_INSTRUCTIONS FOR THE TASK:_
Exactly transcribe the line that holds "this 2048×1366 image." and every remaining line of the records, up to and including the final one, with nothing else.

_Saved entries:_
= Beginning of Section =
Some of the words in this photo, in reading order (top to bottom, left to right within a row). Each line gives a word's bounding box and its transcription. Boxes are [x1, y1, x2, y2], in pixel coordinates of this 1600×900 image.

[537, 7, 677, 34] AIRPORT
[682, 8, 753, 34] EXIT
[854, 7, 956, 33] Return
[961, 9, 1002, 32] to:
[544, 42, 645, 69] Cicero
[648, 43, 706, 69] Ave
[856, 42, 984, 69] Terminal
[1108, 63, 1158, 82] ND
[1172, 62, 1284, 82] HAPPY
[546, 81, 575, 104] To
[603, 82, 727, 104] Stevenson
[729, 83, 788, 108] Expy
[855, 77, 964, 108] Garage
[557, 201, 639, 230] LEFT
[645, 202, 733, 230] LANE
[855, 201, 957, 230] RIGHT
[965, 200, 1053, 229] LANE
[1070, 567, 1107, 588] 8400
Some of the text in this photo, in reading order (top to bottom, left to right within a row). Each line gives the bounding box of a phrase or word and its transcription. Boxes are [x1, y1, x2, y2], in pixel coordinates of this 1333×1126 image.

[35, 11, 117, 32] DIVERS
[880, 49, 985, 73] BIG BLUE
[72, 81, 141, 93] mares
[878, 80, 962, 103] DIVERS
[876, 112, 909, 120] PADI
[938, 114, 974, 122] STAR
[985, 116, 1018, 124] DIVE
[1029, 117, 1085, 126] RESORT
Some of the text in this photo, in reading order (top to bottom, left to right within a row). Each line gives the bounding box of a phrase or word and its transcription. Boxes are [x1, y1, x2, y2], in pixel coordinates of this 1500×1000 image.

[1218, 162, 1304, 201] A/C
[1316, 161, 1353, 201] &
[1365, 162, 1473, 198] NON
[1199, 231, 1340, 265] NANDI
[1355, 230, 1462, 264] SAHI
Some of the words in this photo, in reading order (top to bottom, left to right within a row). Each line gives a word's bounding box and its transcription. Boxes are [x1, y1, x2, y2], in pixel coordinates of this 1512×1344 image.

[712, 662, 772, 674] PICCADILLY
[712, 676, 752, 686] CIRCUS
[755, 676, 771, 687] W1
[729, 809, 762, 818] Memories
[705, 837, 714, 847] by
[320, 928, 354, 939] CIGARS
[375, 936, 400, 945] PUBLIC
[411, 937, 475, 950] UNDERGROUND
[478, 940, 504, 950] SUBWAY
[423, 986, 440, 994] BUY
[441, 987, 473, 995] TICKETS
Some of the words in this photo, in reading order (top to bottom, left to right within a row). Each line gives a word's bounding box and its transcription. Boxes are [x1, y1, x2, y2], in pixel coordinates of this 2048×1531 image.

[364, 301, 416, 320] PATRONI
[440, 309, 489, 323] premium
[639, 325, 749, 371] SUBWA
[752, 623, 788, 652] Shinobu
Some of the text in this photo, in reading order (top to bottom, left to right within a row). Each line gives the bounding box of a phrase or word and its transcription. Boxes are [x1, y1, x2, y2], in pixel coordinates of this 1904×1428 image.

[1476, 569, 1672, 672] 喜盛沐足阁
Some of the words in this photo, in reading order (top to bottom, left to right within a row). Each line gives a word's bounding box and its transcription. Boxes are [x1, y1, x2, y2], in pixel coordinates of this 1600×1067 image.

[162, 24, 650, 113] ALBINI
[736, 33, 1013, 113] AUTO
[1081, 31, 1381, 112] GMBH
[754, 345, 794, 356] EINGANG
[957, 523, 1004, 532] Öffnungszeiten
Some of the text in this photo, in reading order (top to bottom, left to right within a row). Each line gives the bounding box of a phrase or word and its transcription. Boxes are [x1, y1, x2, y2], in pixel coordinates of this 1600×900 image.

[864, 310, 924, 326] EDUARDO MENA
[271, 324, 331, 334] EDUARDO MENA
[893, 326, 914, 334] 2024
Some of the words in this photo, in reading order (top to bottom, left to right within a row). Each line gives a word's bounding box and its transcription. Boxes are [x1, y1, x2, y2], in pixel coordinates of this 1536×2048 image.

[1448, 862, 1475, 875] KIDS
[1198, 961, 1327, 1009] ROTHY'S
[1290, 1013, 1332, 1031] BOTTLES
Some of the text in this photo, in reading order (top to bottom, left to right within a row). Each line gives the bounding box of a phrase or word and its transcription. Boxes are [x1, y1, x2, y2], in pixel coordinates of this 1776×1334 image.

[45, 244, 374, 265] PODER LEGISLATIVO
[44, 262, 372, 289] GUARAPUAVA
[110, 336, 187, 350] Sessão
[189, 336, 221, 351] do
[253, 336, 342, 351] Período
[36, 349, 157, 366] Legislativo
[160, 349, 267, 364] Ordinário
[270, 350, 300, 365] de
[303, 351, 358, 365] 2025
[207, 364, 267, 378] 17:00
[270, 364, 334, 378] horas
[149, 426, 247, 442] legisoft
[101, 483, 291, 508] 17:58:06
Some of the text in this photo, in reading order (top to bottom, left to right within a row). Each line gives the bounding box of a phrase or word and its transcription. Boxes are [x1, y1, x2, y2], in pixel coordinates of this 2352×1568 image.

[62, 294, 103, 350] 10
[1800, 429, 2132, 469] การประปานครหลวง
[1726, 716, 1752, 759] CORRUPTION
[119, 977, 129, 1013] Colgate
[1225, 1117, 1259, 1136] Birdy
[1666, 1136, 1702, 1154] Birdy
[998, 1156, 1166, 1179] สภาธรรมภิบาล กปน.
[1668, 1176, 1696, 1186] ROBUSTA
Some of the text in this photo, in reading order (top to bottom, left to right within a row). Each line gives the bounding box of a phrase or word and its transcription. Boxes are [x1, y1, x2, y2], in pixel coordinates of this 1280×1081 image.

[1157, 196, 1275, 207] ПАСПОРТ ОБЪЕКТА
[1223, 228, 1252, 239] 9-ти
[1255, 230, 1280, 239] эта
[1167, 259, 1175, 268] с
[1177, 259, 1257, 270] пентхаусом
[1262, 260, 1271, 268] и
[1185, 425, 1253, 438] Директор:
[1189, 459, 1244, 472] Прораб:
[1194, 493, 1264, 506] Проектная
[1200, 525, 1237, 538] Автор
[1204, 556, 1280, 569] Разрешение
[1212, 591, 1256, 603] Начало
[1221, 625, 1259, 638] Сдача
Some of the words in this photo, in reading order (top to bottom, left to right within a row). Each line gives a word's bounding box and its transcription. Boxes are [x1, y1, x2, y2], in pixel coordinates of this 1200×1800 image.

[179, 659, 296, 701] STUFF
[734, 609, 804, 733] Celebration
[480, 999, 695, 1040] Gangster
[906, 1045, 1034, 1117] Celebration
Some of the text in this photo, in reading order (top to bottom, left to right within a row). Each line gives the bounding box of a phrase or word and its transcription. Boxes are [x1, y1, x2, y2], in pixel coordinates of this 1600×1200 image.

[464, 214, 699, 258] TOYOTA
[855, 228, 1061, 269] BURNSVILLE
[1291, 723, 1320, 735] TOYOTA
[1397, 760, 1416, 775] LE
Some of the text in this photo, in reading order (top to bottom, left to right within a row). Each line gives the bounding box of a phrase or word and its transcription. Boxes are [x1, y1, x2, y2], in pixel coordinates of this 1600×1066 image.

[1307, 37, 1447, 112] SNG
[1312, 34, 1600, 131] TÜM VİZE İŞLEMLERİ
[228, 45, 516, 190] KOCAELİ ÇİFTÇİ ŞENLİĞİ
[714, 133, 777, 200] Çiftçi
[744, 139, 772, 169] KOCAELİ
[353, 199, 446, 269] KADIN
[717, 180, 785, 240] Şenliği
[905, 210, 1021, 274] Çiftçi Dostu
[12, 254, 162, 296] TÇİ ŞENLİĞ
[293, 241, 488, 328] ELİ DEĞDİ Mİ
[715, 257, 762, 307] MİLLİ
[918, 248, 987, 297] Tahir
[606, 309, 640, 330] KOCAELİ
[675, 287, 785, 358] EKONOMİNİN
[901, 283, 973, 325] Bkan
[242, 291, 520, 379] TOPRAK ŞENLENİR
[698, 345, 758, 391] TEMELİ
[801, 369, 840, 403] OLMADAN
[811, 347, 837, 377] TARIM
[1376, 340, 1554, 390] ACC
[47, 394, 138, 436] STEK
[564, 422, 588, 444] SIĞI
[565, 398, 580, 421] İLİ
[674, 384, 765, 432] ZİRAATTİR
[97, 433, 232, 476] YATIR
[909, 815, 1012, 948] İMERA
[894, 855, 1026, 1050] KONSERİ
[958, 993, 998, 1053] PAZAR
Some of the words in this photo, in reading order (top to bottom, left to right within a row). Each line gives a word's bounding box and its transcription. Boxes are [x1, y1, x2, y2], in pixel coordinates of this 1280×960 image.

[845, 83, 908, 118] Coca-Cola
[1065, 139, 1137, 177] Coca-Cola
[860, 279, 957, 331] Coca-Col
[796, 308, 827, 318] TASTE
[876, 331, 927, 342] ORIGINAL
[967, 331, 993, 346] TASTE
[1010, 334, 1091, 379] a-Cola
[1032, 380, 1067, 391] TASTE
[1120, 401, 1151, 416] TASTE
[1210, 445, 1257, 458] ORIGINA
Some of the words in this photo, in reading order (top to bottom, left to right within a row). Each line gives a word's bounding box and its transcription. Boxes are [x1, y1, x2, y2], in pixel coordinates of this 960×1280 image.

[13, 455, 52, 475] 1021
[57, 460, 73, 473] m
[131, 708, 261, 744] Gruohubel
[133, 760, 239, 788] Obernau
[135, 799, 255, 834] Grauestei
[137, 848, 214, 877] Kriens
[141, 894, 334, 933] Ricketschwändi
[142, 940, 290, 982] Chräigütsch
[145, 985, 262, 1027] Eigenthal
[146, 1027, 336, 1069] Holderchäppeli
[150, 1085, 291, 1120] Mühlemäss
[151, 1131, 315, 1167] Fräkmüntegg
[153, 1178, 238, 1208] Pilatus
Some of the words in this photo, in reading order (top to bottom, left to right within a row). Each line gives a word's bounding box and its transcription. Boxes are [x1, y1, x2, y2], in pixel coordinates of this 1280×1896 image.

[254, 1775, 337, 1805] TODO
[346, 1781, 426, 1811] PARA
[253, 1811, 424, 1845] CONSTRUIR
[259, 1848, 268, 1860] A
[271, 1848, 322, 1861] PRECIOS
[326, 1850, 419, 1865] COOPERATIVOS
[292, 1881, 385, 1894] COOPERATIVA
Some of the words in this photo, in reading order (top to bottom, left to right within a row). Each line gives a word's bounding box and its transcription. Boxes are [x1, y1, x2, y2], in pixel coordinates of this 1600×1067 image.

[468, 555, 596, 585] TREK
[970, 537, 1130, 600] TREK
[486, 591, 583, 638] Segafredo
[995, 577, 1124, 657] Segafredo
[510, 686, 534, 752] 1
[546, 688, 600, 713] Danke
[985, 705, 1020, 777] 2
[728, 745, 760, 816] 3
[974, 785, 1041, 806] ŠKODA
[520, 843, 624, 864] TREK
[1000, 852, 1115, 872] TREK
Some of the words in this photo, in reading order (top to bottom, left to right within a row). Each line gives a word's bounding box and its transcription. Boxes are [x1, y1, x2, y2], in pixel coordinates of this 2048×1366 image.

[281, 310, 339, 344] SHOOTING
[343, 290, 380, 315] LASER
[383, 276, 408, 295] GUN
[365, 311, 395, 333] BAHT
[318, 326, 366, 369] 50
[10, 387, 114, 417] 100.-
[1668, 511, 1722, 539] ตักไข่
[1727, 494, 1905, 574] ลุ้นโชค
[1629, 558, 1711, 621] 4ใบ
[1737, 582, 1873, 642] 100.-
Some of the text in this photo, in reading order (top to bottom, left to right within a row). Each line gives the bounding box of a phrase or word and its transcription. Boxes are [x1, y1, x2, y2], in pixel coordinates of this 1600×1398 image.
= End of Section =
_WRITTEN SOLUTION:_
Some of the words in this photo, in reading order (top to bottom, left to right within a row). Each line gives a word's bounding box and its transcription. Boxes are [x1, y1, x2, y2], in pixel coordinates of this 2048×1366 image.

[281, 310, 339, 344] SHOOTING
[343, 290, 380, 315] LASER
[383, 276, 408, 295] GUN
[365, 311, 395, 333] BAHT
[318, 326, 366, 369] 50
[10, 387, 114, 417] 100.-
[1668, 511, 1722, 539] ตักไข่
[1727, 494, 1905, 574] ลุ้นโชค
[1629, 558, 1711, 621] 4ใบ
[1737, 582, 1873, 642] 100.-
Some of the text in this photo, in reading order (top to bottom, left to right within a row). Each line gives the bounding box of a phrase or word and its transcription. Boxes are [x1, y1, x2, y2], in pixel coordinates of this 1600×1398 image.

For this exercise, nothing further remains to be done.